Aku tadi membatin, dengan suara-suara ini yang dibuat ayam katai, ditambah suara tilawah di kejauhan... sempurna! Sayangnya sekarang hujan, jadi suara ayam katai tidak terdengar lagi. Sekarang diganti oleh gericik hujan dan desau angin, tetap dengan suara tilawah di kejauhan. Apakah setelah ini akan dilanjutkan dengan ta’lim ibu-ibu? Uah, kenangan yang sungguh manis, semanis hidup di masa kanak-kanak ketika belum menanggung beban dosa. Hidup ini akhirnya hanya berganti-berganti antara nyaman dan agak nyaman. Selebihnya... aku tidak tahu apa-apa.
Ya, siang ini aku memang sedang di Jalan Radio, di kamar yang penuh kenangan ini. Kamar ketika aku bermimpi tentang seekor kura-kura raksasa mengapung di langit malam. Di atas tempurungnya ada tiang tinggi sekali, sedangkan di puncaknya ada bintang. Bintang itu begitu memukau sampai-sampai aku ingin mendapatkannya. Namun ternyata aku tidak sendirian. Banyak juga yang punya ide yang sama. Akhirnya kami berlomba, dihadang berbagai kesulitan pula Badai pasir dan semacamnya, seingatku. Setelah susah-payah memanjat tiang, akhirnya aku berhasil mendapatkan bintang itu!
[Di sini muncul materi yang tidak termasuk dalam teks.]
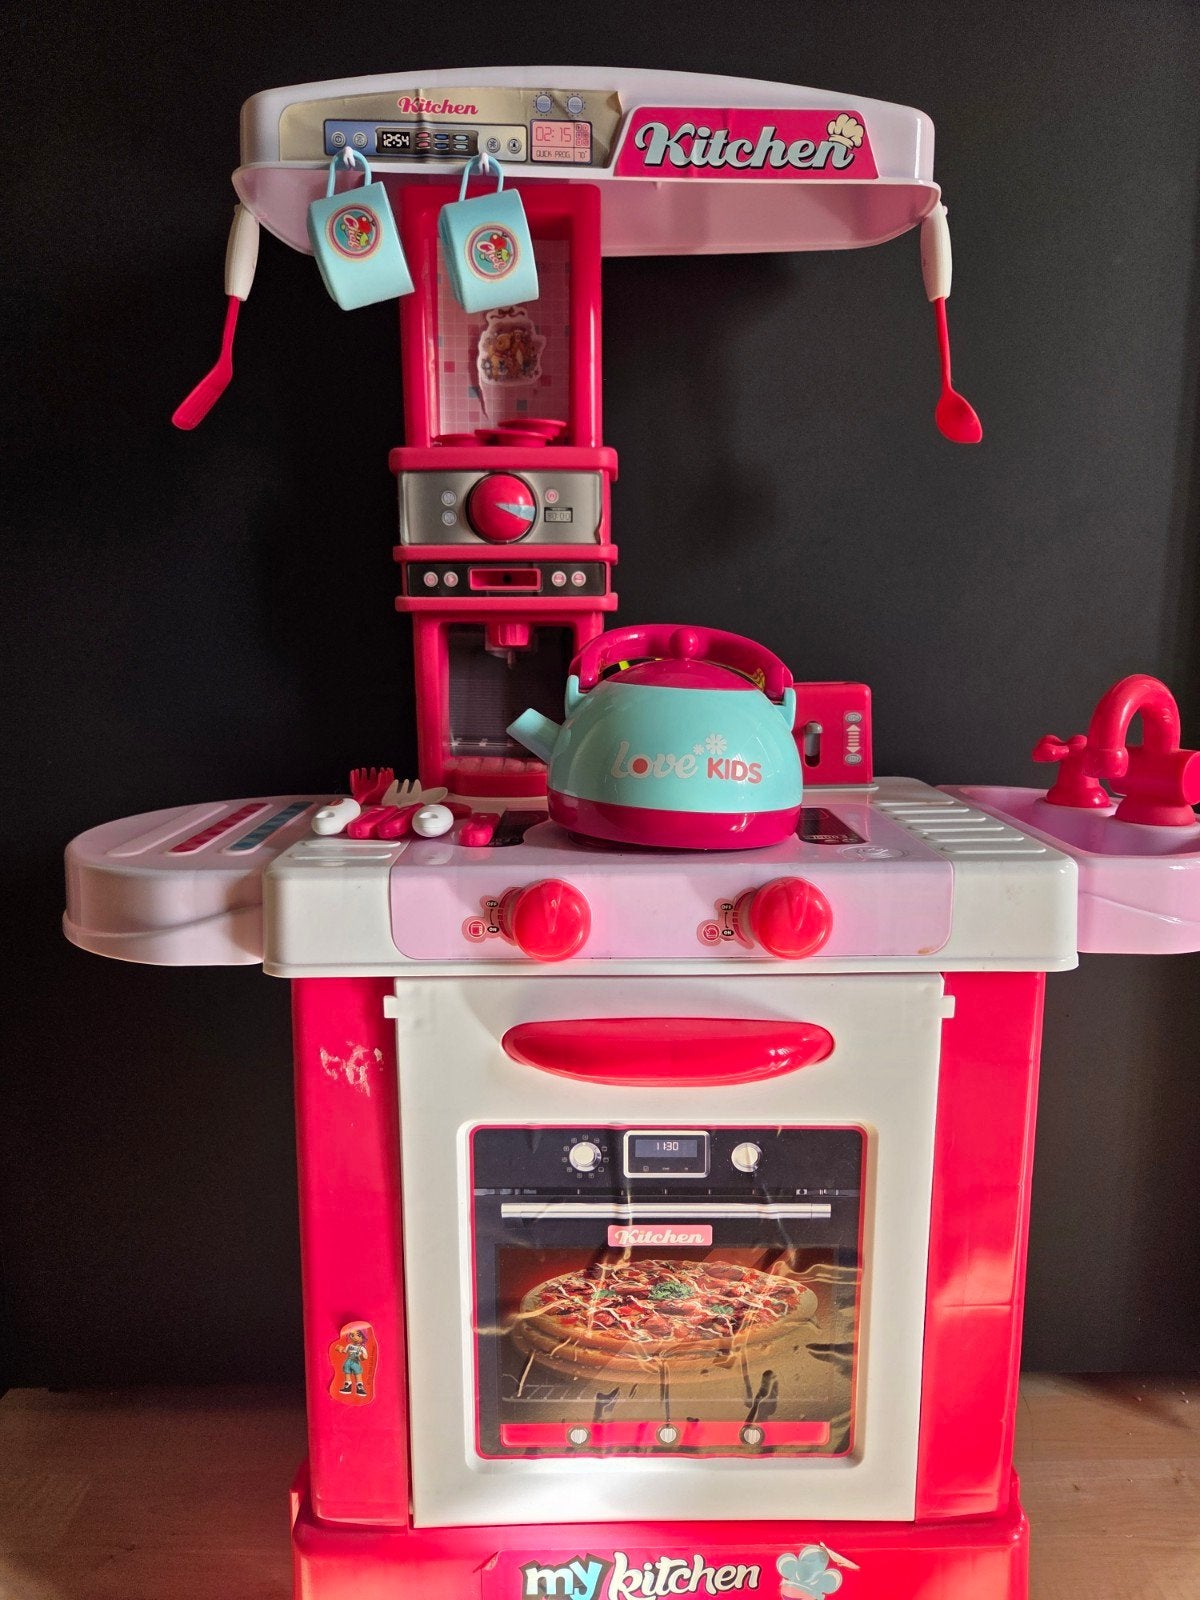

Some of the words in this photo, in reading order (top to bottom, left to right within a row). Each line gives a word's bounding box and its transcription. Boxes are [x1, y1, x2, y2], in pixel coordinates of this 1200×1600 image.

Akan tetapi, setelah mendapatkan bintang, sekonyong-konyong kutemui diriku sendirian di tengah-tengah padang pasir yang sangat luas. Sejauh mata memandang hanya pasir bertemu dengan langit dini hari yang terang kebiruan. Inilah mungkin satu-satunya mimpi yang kuingat sampai ke rinciannya, dan ini terjadi ketika aku masih TK atau kelas-kelas awal SD. Setelah itu aku terbangun. Terdengarlah Rabighfirli warhamni watub’alaya diulang-ulang, yaitu senandung al-Mukhlisin jika sedang menunggu masuk waktu Shubuh. Apa arti dari mimpi seperti ini?
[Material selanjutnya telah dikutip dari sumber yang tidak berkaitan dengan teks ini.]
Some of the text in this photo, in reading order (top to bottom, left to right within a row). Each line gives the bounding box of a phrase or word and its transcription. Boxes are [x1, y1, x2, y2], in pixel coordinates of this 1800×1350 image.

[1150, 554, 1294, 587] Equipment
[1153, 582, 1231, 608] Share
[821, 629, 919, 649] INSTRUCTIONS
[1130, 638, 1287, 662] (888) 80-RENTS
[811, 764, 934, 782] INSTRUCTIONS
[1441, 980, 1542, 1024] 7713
Kini tilawahnya sudah berhenti, digantikan oleh suara yang aku dengar sudah sejak lama sekali, dari tiga puluh tahun yang lalu bahkan lebih. Suara siapakah ini? Ustadz H. Abdul Qodir? Entahlah. Lucunya lagi, aku merasa agak lapar, seperti sudah ingin menyantap cisburger yang memang dibelikan untukku oleh adik-adikku. Makan sedikit-sedikit. Cuma itu yang aku tahu untuk mencegah hilangnya rasa nyaman yang kurasakan kini. Melodi apa yang cocok untuk suasana dan suasana hati seperti ini? Penelope-nya Paul Mauriat mungkin.
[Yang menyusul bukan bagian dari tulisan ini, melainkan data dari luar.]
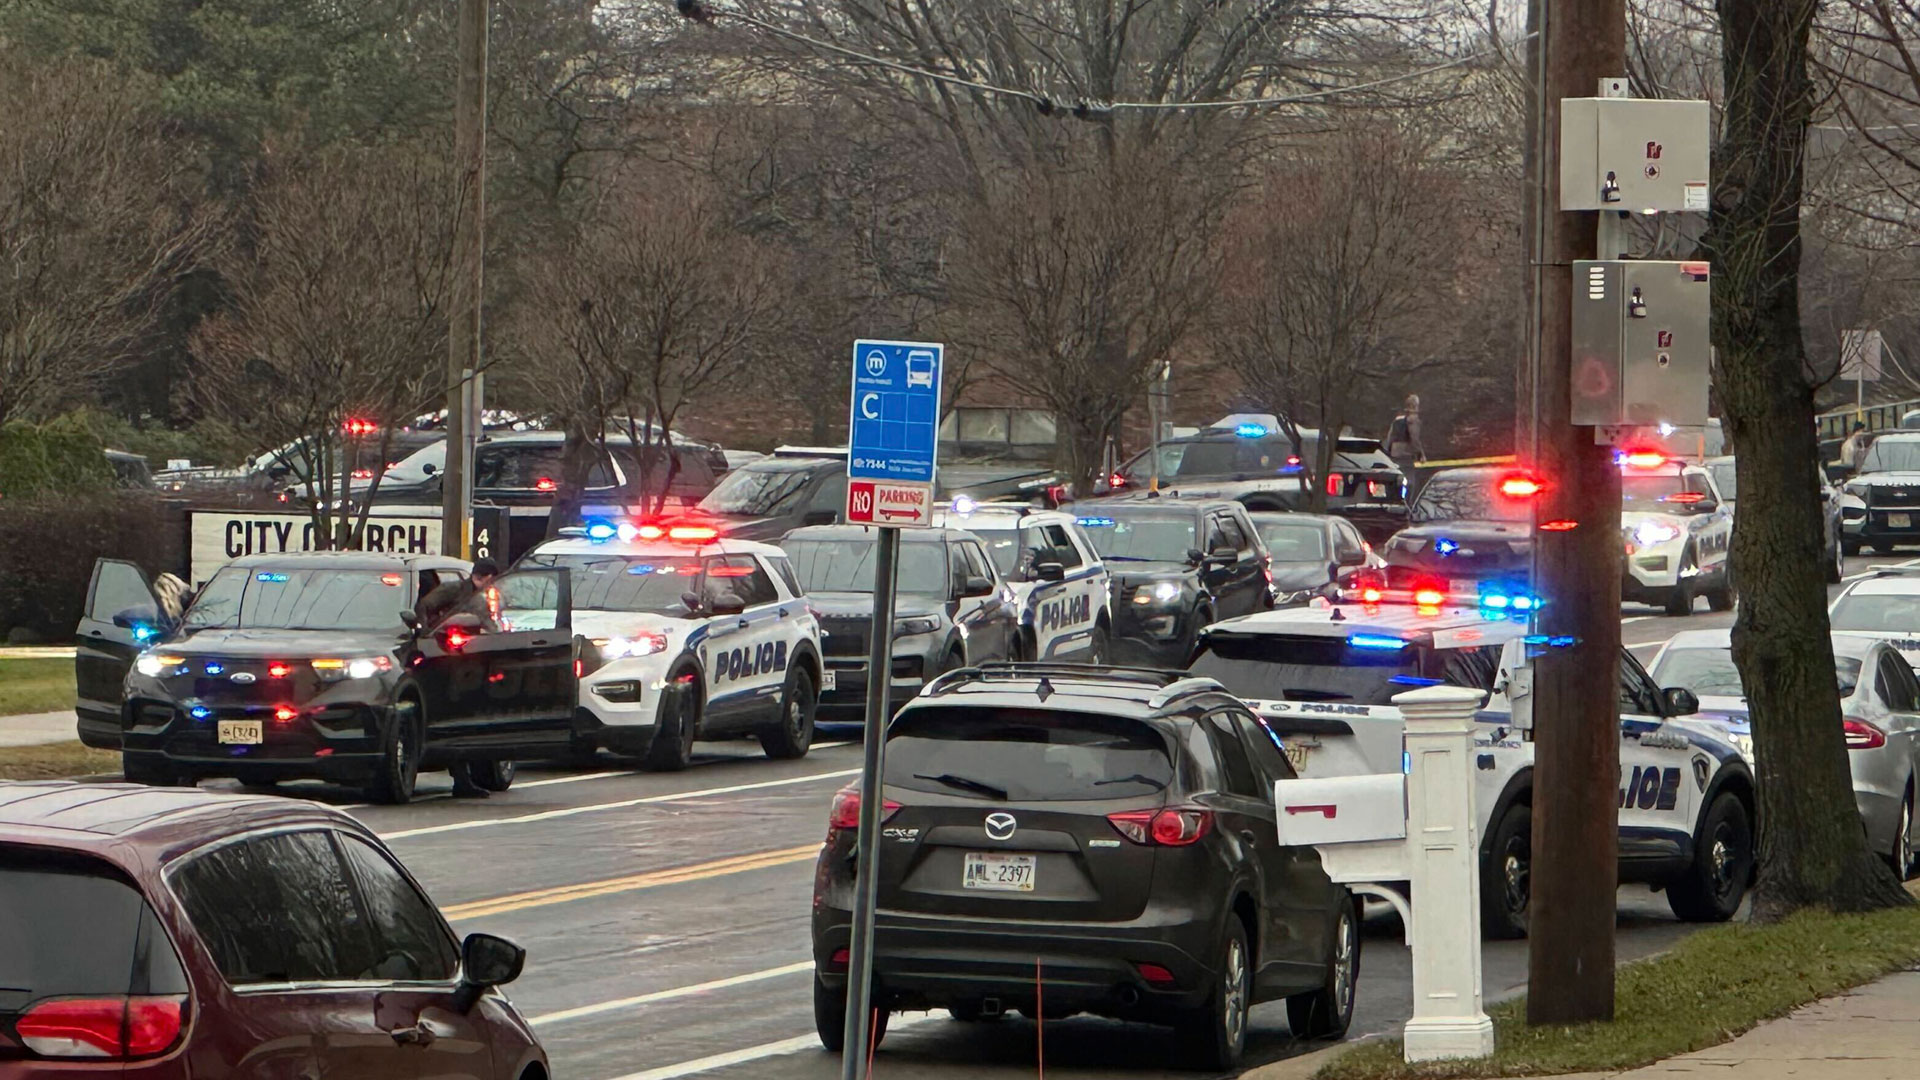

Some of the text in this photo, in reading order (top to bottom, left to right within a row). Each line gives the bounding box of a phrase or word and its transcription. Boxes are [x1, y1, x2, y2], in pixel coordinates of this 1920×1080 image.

[861, 392, 879, 419] C
[852, 489, 925, 514] NO PARKING
[225, 520, 292, 558] CITY
[1041, 594, 1090, 633] POLICE
[714, 640, 787, 684] POLICE
Ya, menarik sekali. Aku merasa lapar. Ini adalah sebuah pertanda bagus. Aku selalu takut kalau aku tidak ingin makan. Kemarin kumat sampai sebegitunya, jika bukan karena @#!? mungkin juga karena anak-anak yang ribut saja ketika sedang khutbah Jumat. Ya Allah, hanya kepadamu hamba dapat berlindung dari rasa tidak nyaman seperti kemarin itu. Beranikah hamba berjanji? Salahkah hamba jika tidak berjanji, seperti yang pernah hamba buat pada 2002 itu? Ah, tetap saja, diikrarkan maupun tidak, Allah lebih tahu isi hatiku.
Tinggal lagi aku sekarang, apakah aku hamba nista tak tahu malu, atau hamba yang tahu berterima kasih pada Tuannya yang Maha Baik Hati. Apa susahnya sih? Setidaknya jangan banyak alasan. Mustahil orang mengaku beriman lalu tidak dicoba. Itu sudah pasti. Sedangkan aku baca Quran setiap hari saja tidak, mau tidak dicoba. Lhoh, justru orang yang sudah begitu mungkin cobaannya lebih berat lagi daripadaku. Apapun itu, Ya Allah, hamba mohon, jadikanlah hamba selalu mengingatMu, tahu berterima kasih padaMu, berusaha menjadi hamba yang lebih baik lagi. Aamiin.